MARTIN, HERNANDEZ, LOÏSA, puis PIONCEUX

 

Au lever du rideau, Hernandez et Loïsa sont en scène, et Martin sort avec précaution, sur la pointe des pieds, d’une chambre à droite, celle d’Agénor.

LOÏSA, à Martin, à voix basse.

Eh bien, comment va-t-il ?

MARTIN, à voix basse.

Chut ! il dort !

LOÏSA, à voix basse.

Pauvre garçon ! il a été bien malade toute la nuit. Ses yeux semblaient nous dire adieu pour toujours.

HERNANDEZ, très haut.

Bah ! il est coriace !

MARTIN, à voix basse.

Pas si haut ! Il a attrapé hier un chaud et froid à la source de l’Arveyron.

LOÏSA.

Il faisait tant de vent !

HERNANDEZ, avec mépris.

Ça, des hommes ! Un courant d’air les met sur le flanc.

Très haut.

Moi, je me déshabille et je me promène au milieu de la tempête !

MARTIN.

Mais pas si haut !

HERNANDEZ.

Ah ! c’est embêtant de causer comme ça !

Il va s’asseoir sur le divan.

MARTIN.

Nous voilà encore obligés de coucher à Chamonix.

Échangeant un regard avec Hernandez.

Nous ne partirons donc jamais pour la Handeck !

LOÏSA.

Qu’est-ce qui nous presse ? Vous êtes insupportable avec votre Handeck ! Qu’est-ce que vous voulez y faire, voyons ?

MARTIN, vivement.

Rien ! Je parle comme touriste.

PIONCEUX, entrant du fond et très haut à la cantonade.

Non, ça ne peut pas durer comme ça.

MARTIN et LOÏSA.

Chut ! plus bas !

MARTIN, à Pionceux qui est descendu.

Voyons, qu’est-ce qu’il y a ?

PIONCEUX.

Il y a que je me plains de la nourriture ! On ne nous donne que les restes de la table d’hôte... et je ne mange que des carcasses et des têtes de lapin !

MARTIN.

Gourmand !

PIONCEUX.

Ce matin, j’ai demandé de la soupe : on m’a servi un œil de veau dans de l’eau chaude.
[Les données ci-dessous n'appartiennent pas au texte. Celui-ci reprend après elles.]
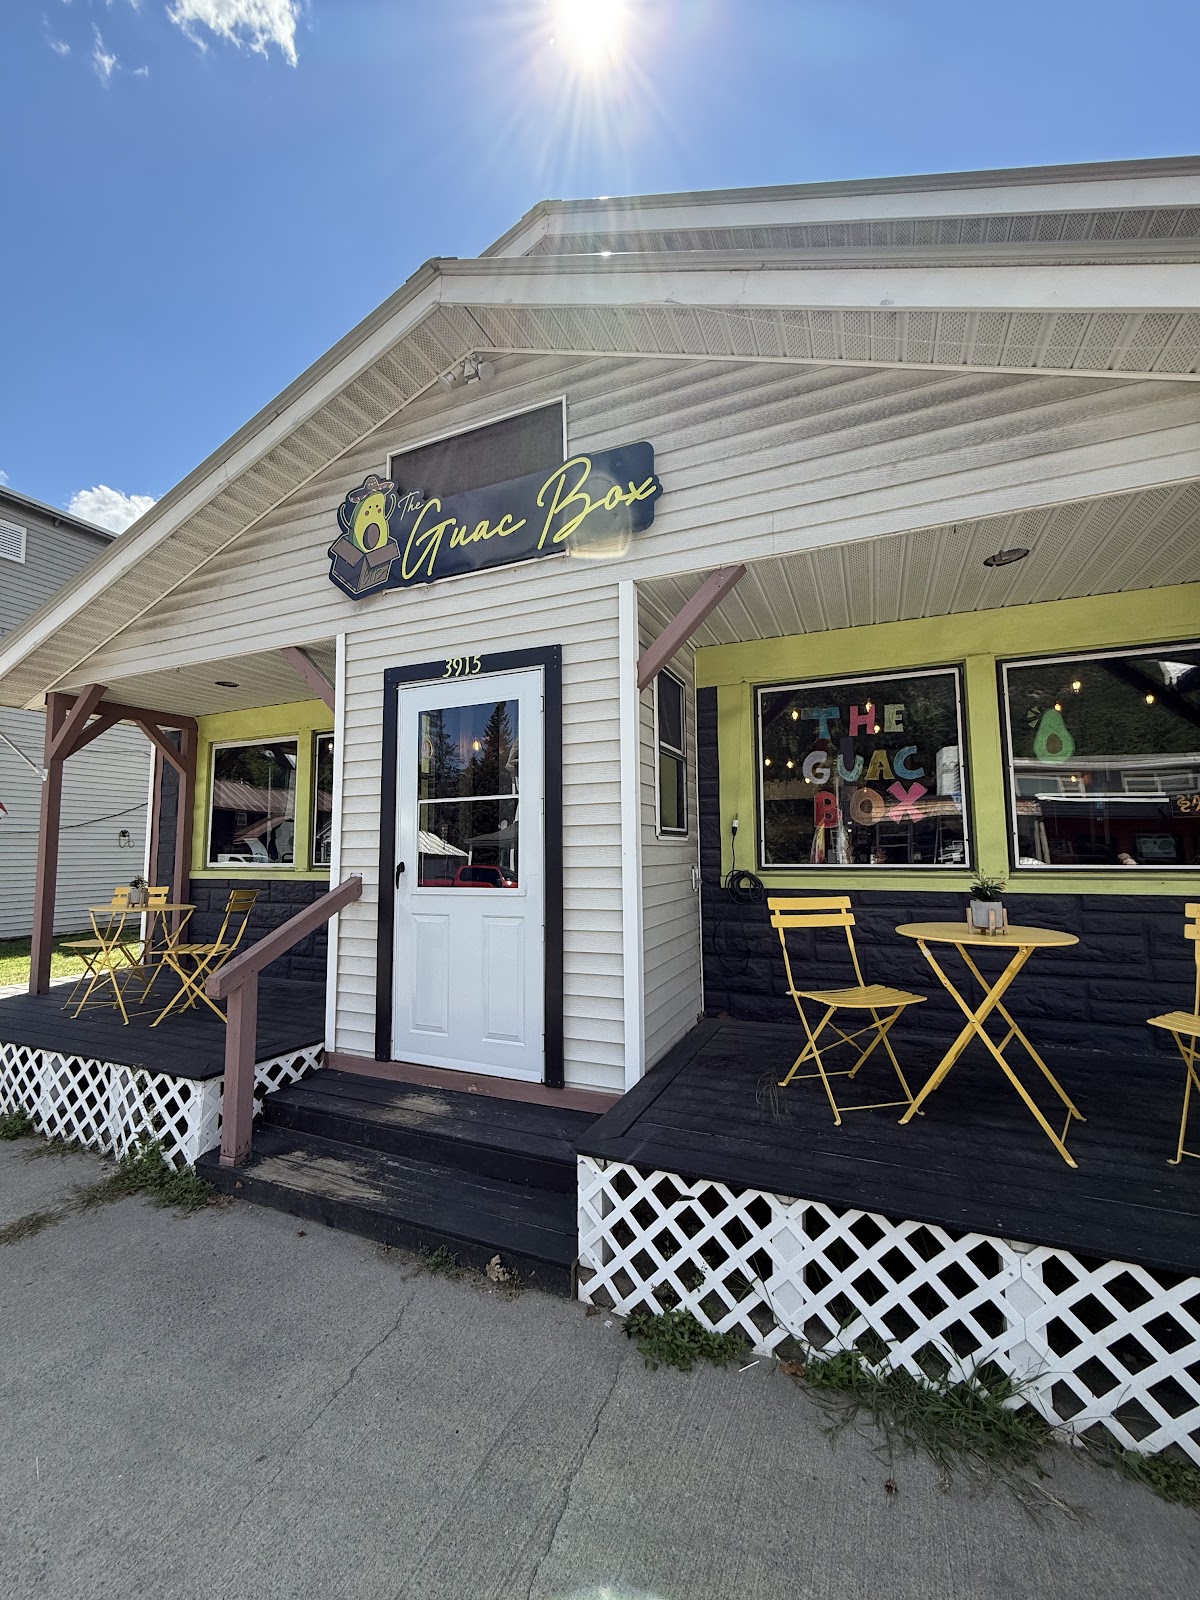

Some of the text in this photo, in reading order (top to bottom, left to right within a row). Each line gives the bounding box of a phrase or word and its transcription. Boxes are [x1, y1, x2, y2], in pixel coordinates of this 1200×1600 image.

[398, 457, 657, 579] The Guac Box
[442, 655, 481, 678] 3915
[801, 703, 905, 739] THE
[802, 745, 925, 785] GUAC
[814, 781, 928, 828] BOX
Oh ! la Suisse !

MARTIN.

Tu veux peut-être qu’on te serve des blancs de poulet ?

PIONCEUX.

Pourquoi pas ?... Ma mère ne vous marchandait pas la nourriture, elle !

MARTIN, passant à droite.

Ah ! tu m’ennuies ! Va-t’en !

PIONCEUX, remontant, puis revenant.

Oui, monsieur... Ah ! j’oubliais de vous dire : le docteur est là.

MARTIN.

Et tu ne nous préviens pas, animal ! Fais-le entrer chez M. Montgommier, je le rejoins.

PIONCEUX.

Tout de suite.

À part.

Il y a un poulet à la broche, je le guette !...

En sortant.

Oh ! la Suisse !

Il sort par le fond.

LOÏSA, à Martin.

Allez vite à la consultation... Je crains une fluxion de poitrine... Expliquez bien au docteur que M. Agénor a eu une bronchite en 69 et une entorse en 71.

MARTIN.

Oui, sois tranquille.

Il entre chez Agénor.

 

 

Scène II

 

LOÏSA, HERNANDEZ

 

HERNANDEZ, tirant de sa poche un bouquet complètement aplati.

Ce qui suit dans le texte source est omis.